Puisque nous vivrons statistiquement encore plus vieux que la génération qui nous a précédé ; puisque pour la plupart d’entre nous la vie de travail ne nous a pas usés physiquement grâce aux progrès de tous ordres qui ont allégé les tâches ; puisque nous ne sommes plus dans cet état d’indigence que connaissaient les vieux travailleurs d’il y a 50 ans et plus (sans minimiser les risques que courent une frange de la population des retraités à cet égard) , quel regard porter sur ce qui nous attend pour les…30 années à venir ?
Le départ à la retraite en est le premier événement, et il est de taille.
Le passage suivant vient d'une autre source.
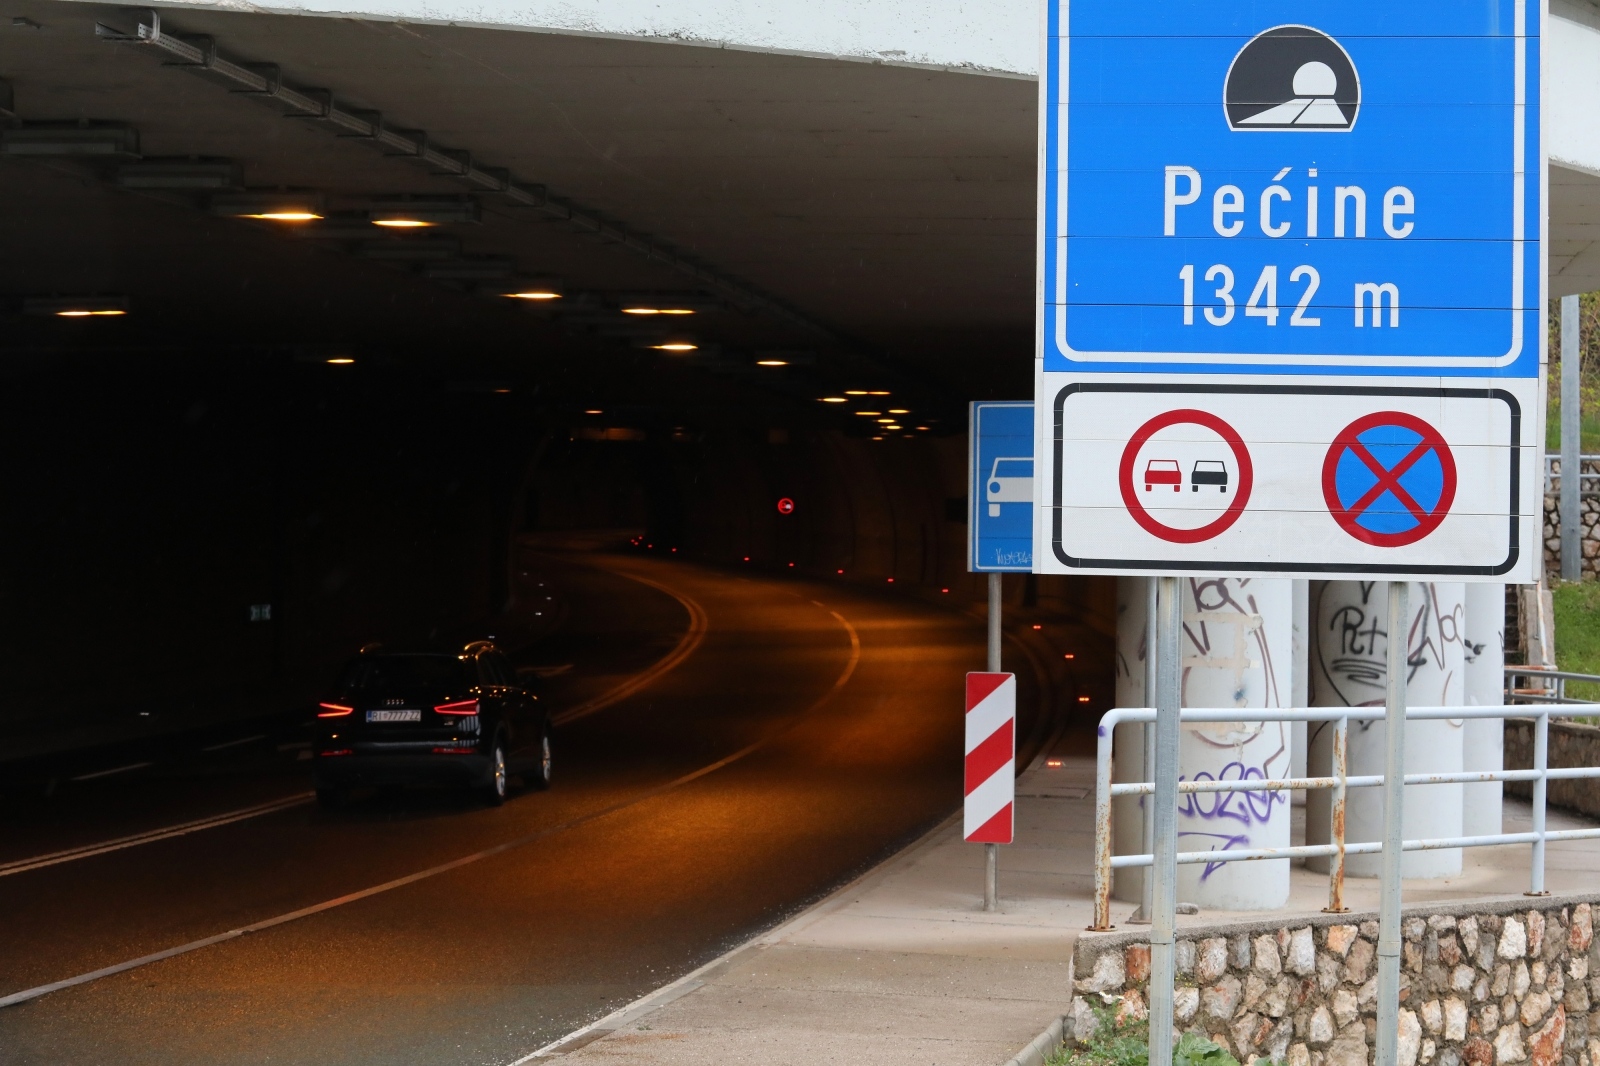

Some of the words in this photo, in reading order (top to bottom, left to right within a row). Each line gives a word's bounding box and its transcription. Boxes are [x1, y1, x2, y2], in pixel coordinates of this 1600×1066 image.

[1163, 165, 1416, 239] Pećine
[1178, 264, 1321, 328] 1342
[1354, 281, 1400, 328] m
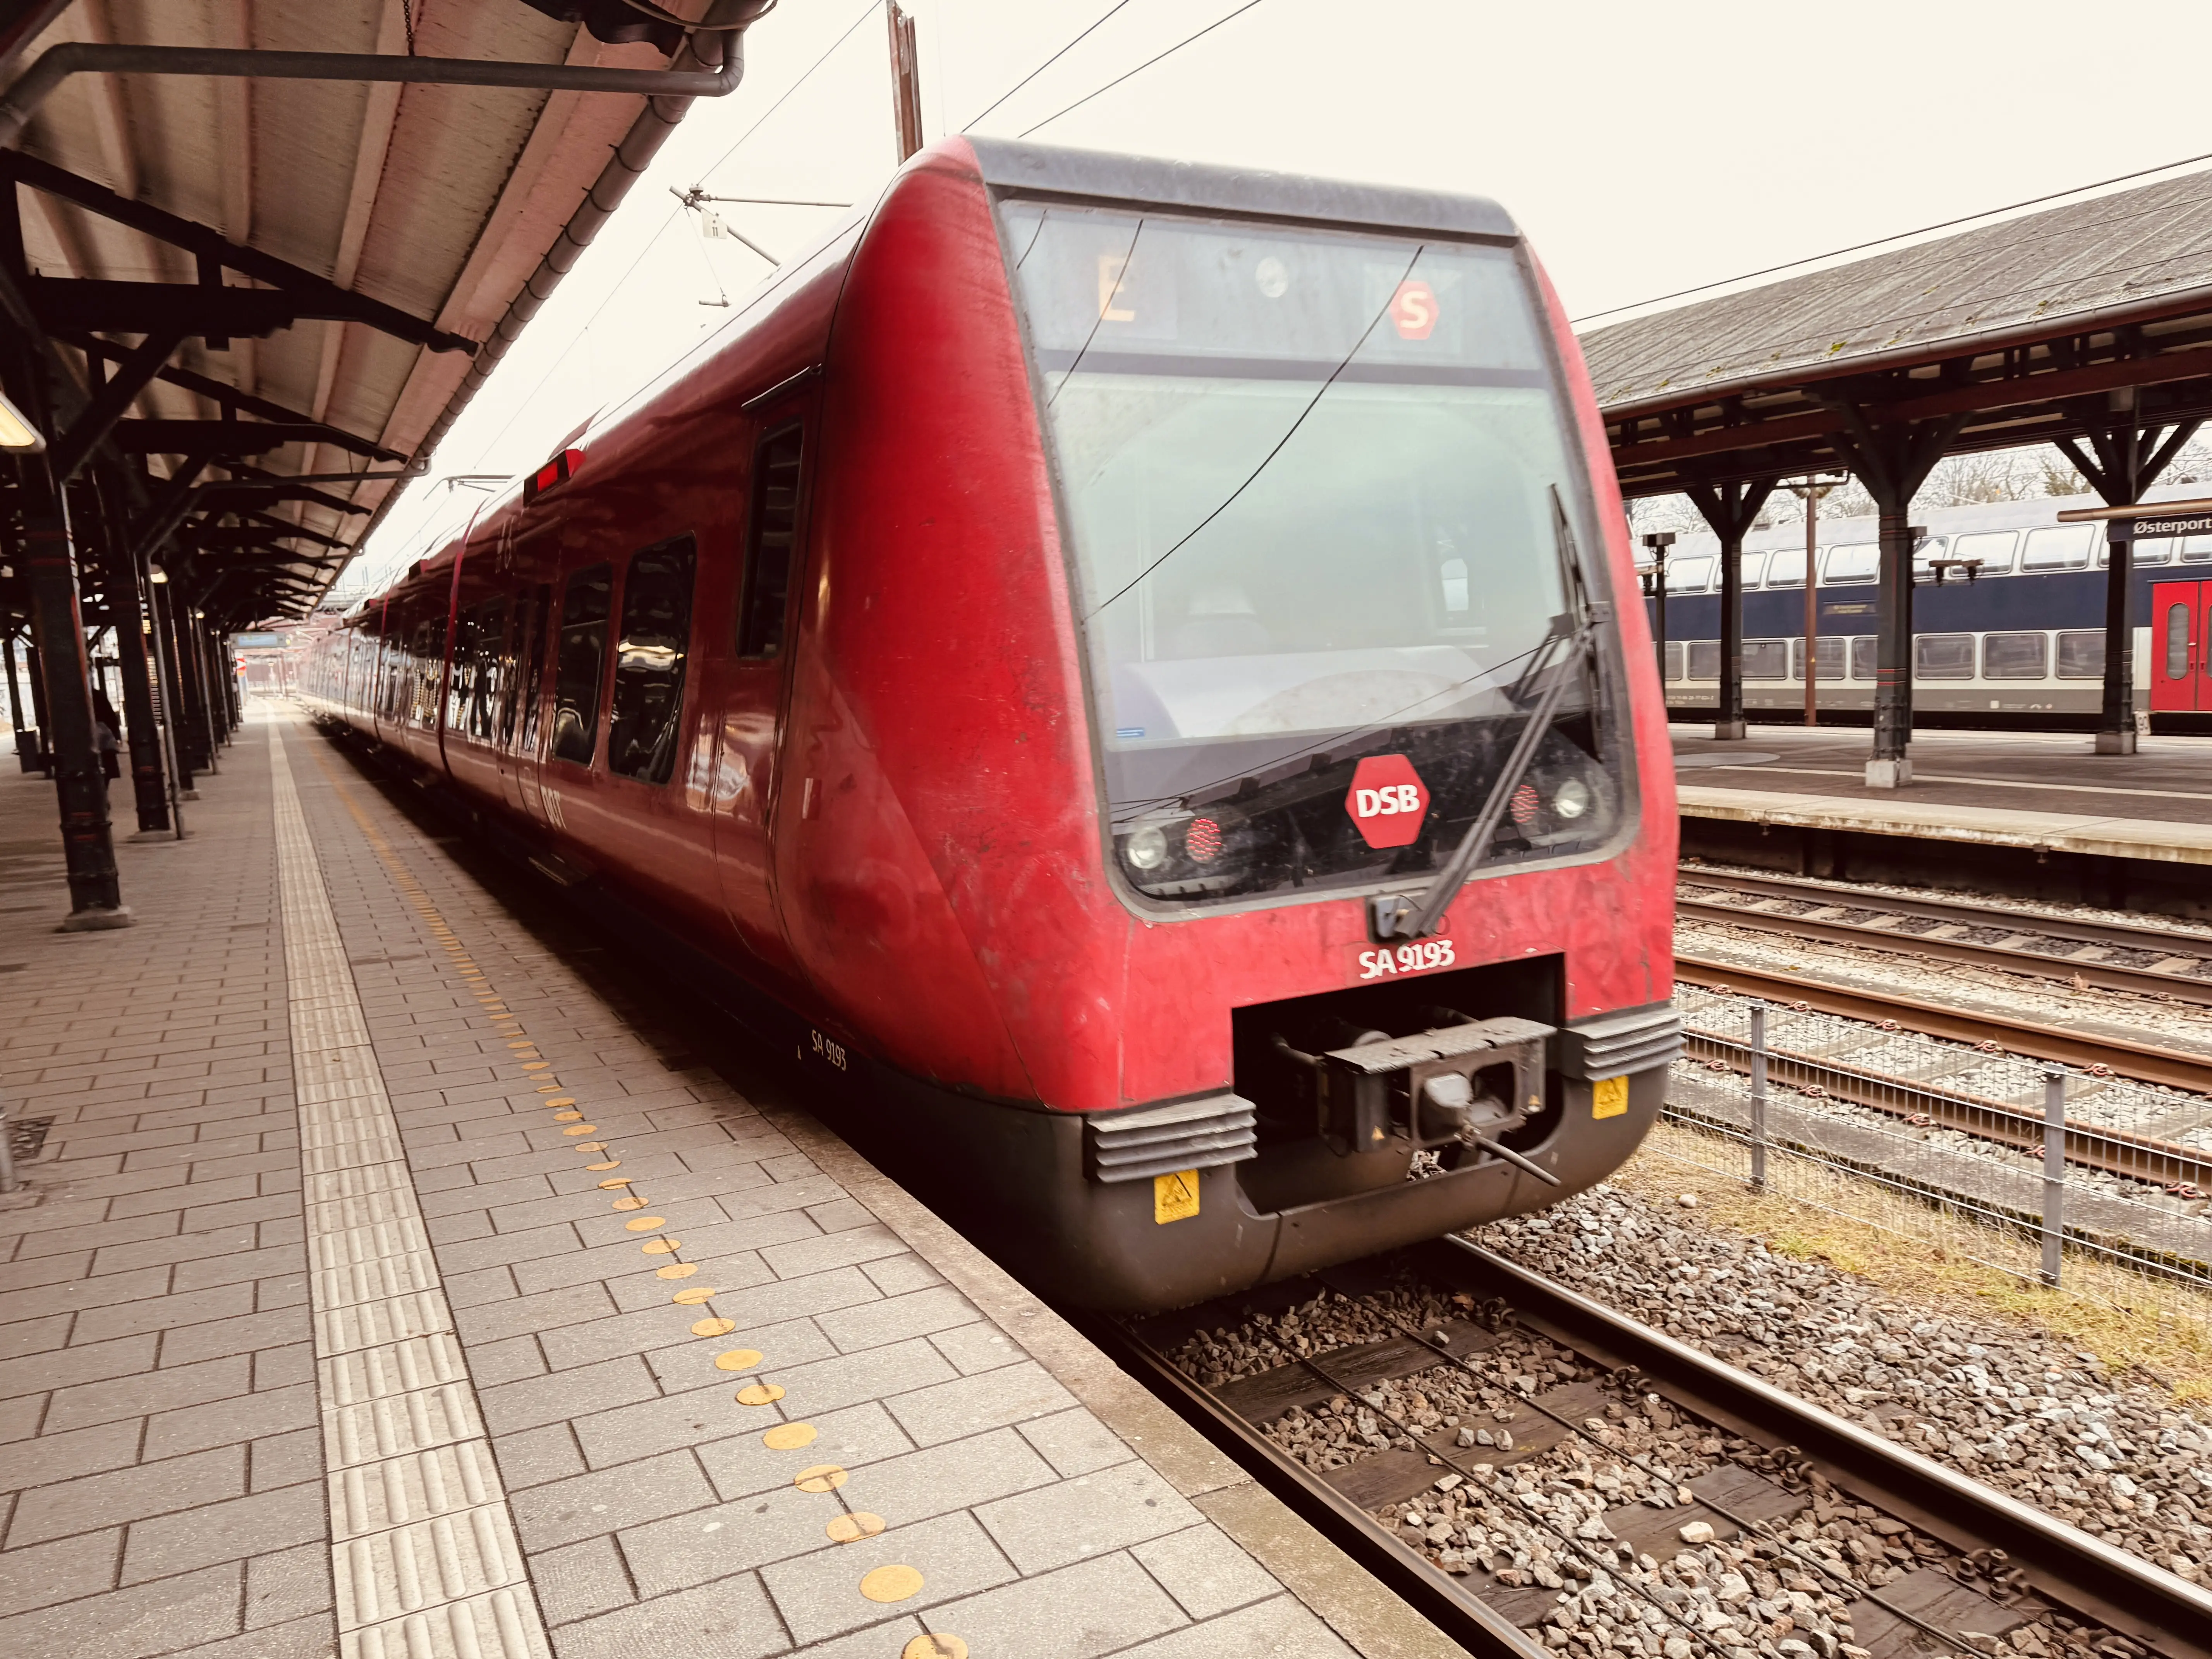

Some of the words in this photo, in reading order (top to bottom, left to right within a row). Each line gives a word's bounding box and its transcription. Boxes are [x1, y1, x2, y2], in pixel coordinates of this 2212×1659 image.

[1099, 256, 1134, 321] E
[1400, 291, 1429, 329] S
[2133, 517, 2212, 534] Østerport
[1356, 784, 1420, 817] DSB
[1358, 949, 1398, 979] SA
[1396, 939, 1455, 972] 9193
[812, 1029, 823, 1056] SA
[826, 1038, 846, 1071] 9193
Soulignons au passage combien ce mot est négatif, il parle de retrait, c’est-à-dire de recul ; on parle aussi de retraite pour les armées vaincues ! Bref, les sexagénaires se retrouvent-ils dans ce mot ?!
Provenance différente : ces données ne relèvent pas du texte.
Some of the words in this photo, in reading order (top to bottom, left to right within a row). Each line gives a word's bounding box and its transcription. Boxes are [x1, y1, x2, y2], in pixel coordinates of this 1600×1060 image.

Les sexagénaires pensent plutôt qu’ils vont changer de vie : leurs 37 années de travail, même épanouissantes, commencent à leur peser et ils souhaitent le changement, comme on aimait, enfants, changer de jeu ! Sauf que la plupart ne préparent rien de ce qui va se passer, et les effets de cette impréparation vont être plus ou moins coûteux.
Il est des entreprises qui proposent à leurs futurs retraités un stage de préparation à la retraite. Initiative louable, mais souvent réservée à des cadres, et traitant essentiellement des questions matérielles et très peu du choc psycho-affectif qui peut survenir. Bref, très insuffisant.
Car on se prépare de longues années à l’exercice de 30 ans de métier. Alors, quid des 30 années de l’après travail ? Comment s’y préparer un peu mieux ?
Ces Futures 30 années sont laissées à l’improvisation de chacun, avec les erreurs de toute improvisation, mais ici le temps prend de l’importance : comment éviter de gâcher ce qui reste à vivre, puisque – tout le monde le sait, même s’il n’en veut rien savoir- ce sera la dernière étape de la vie ?
Prendre sa retraite selon que l’on est issu du milieu paysan, ouvrier, ou du secteur tertiaire, est source de bien des différences. Les entretiens réalisés dans ces différents milieux en attestent.
Ressenti comme heureux, ou chargé d’inquiétude, ce départ est un moment de vie éventuellement dangereux, et les accidents somatiques – faudrait-il dire psychosomatiques ?- ne sont pas rares. En tous cas c’est fréquemment un moment très ambivalent : soulagement apparent, inquiétude aussi : que réserve ce temps à venir ?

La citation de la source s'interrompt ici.